Higher levels of calcitriol correlated directly with a more favorable expression profile for tumor-related messenger RNA (mRNA) and miRNA, senior author Reinhold Vieth, PhD, said during a press briefing at the American Association for Cancer Research annual meeting in Chicago.

Interest in the chemopreventive potential of vitamin D in prostate cancer has evolved from epidemiologic studies more than 20 years ago showing higher prostate cancer mortality among men living in higher latitudes associated with lower exposure to ultraviolet radiation (Cancer 1992; 70:2861-9). The observations gave rise to the hypothesis that ultraviolet radiation has a protective effect against prostate cancer via pathways involved in vitamin D synthesis and metabolism.

Dr. Vieth and colleagues previously reported an association between PSA levels and the time of year in prostate cancer patients on active surveillance (Am J Ther 2006; 13:394-9). The study showed that PSA levels increased significantly less during the second quarter of the year-spring and summer-compared with the other quarters.

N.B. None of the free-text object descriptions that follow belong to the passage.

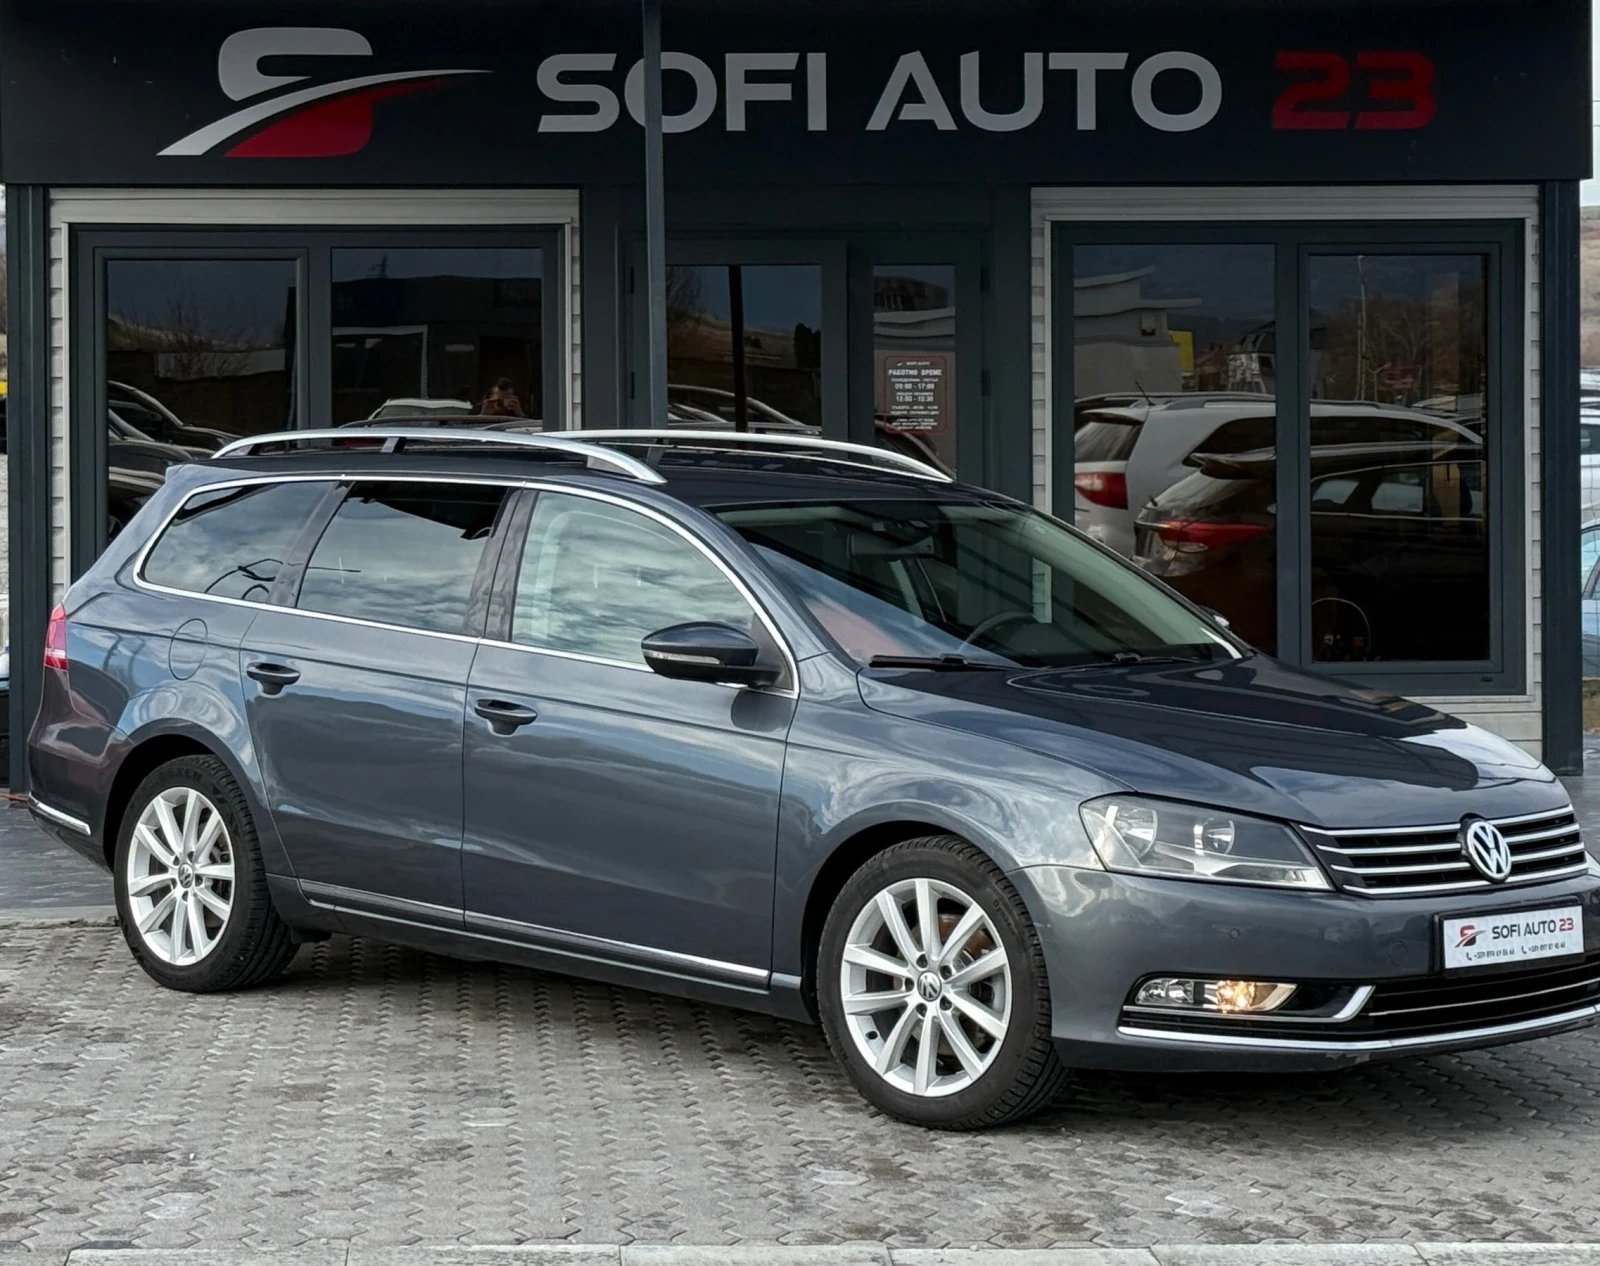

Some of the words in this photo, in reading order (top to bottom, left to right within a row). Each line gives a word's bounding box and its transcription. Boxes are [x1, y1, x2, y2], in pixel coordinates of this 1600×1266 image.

[536, 51, 827, 134] SOFI
[865, 50, 1223, 132] AUTO
[1271, 51, 1437, 130] 23
[1492, 923, 1521, 940] SOFI
[1523, 920, 1557, 937] AUTO
[1559, 917, 1574, 932] 23
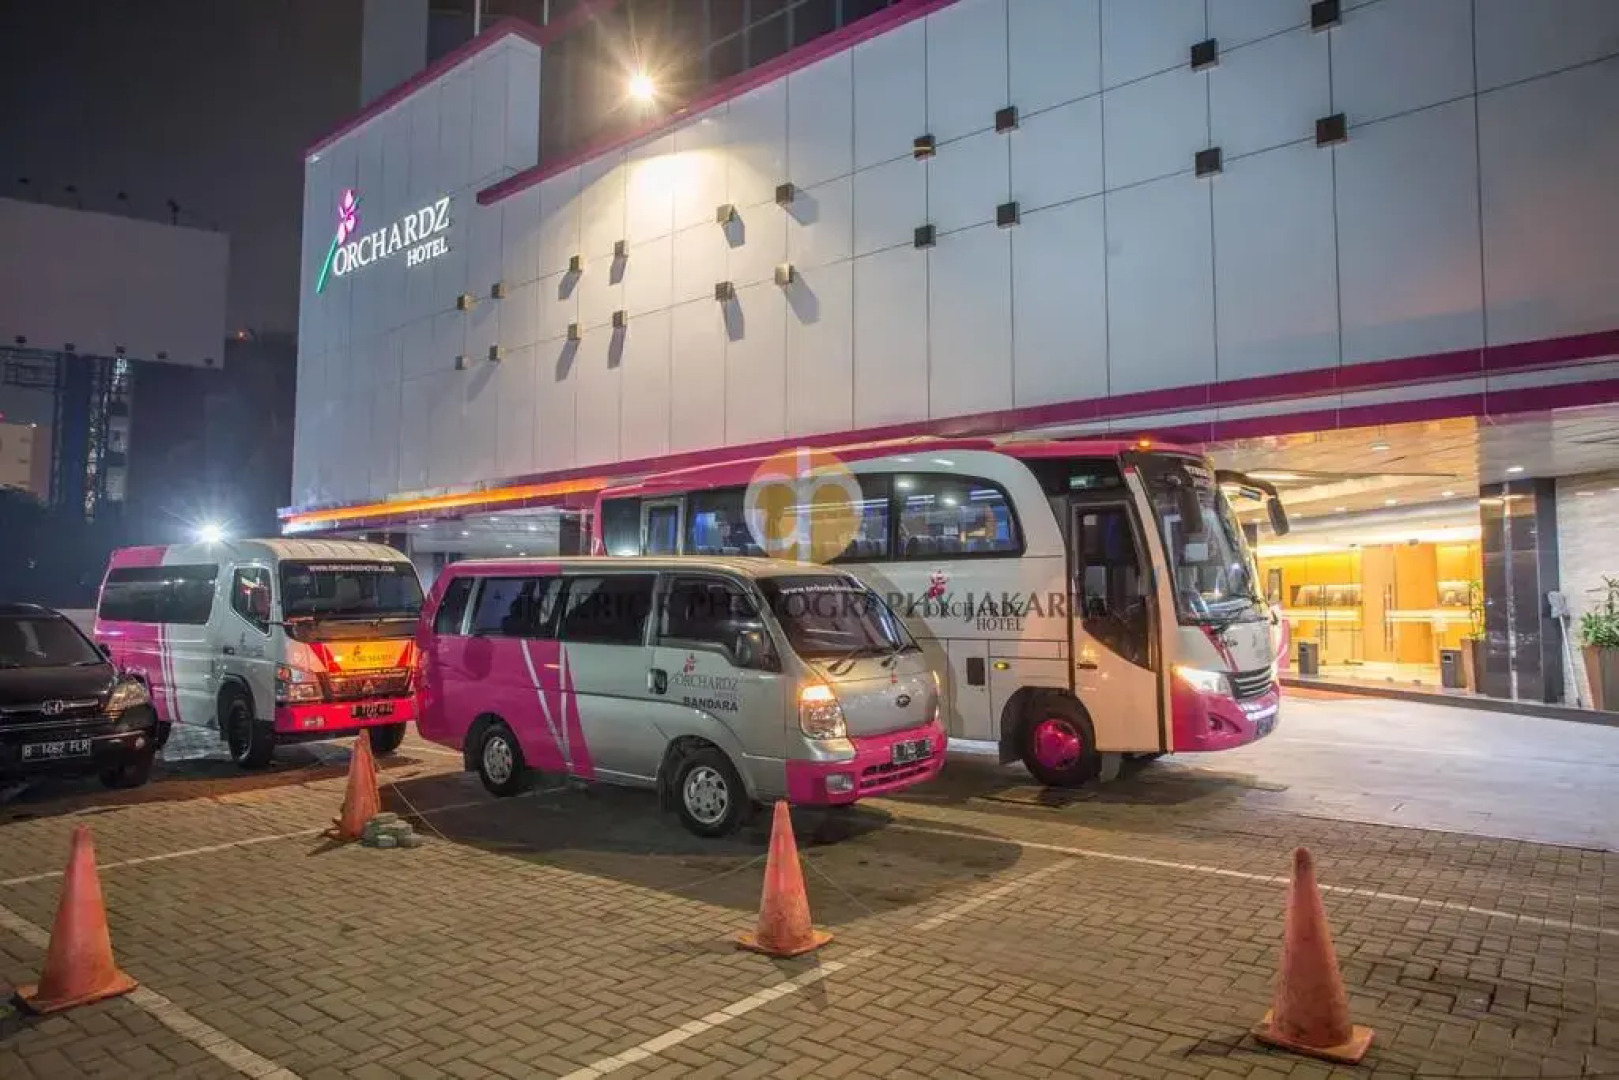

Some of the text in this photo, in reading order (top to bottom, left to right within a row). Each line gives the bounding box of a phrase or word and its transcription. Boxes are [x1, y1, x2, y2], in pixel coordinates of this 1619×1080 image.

[333, 196, 450, 276] ORCHARDZ
[407, 237, 448, 267] HOTEL
[976, 617, 1025, 632] HOTEL
[676, 674, 739, 690] ORCHARDZ
[683, 697, 738, 711] BANDARA

The current study involved 66 men scheduled for radical prostatectomy for localized prostate cancer. They were randomized to three doses of cholecalciferol (vitamin D3): 400, 10,000, or 40,000 IU/day, beginning 4 to 8 weeks before surgery. The primary outcomes of interest were changes in levels of Ki-67 and expression of cancer-related mRNA and miRNA from the start of vitamin D treatment to surgery.

Examination of paraffin-embedded prostate-tissue specimens showed a trend toward different levels of expression in cancerous versus normal tissue for mRNAs, miRNAs, and Ki-67 (p=.07). Tissue and serum concentrations of calcitriol and its precursor increased with the vitamin D dose, reaching the highest levels in men randomized to 40,000 IU/day.

Increased microRNA expression observed

In addition to the negative association with Ki-67, higher levels of calcitriol in prostate tissue correlated significantly with increased expression of miR-100 and miR-125b (p=.02, p=.03, respectively).

"The results show that calcitriol makes the foot come off the gas pedal of cancer growth," said Dr. Vieth. "We are not able to prove that the speed of the car has slowed down, but it certainly is a good sign."

The study also demonstrated the safety of vitamin D at the doses evaluated and for the duration of the study. No hypercalcemia, hypocalcemia, or serious adverse events occurred during the study. The authors also observed no adverse changes in plasma phosphate or in renal or liver function.

"We think these results warrant further study of vitamin D in prostate cancer," said Dr. Vieth.

The authors do not advocate use of vitamin D supplements at doses greater than 4,000 IU/day. The high doses could be used during the study because of the brief time frame from the start of supplementation to surgery.

The study was funded by the Canadian Cancer Society.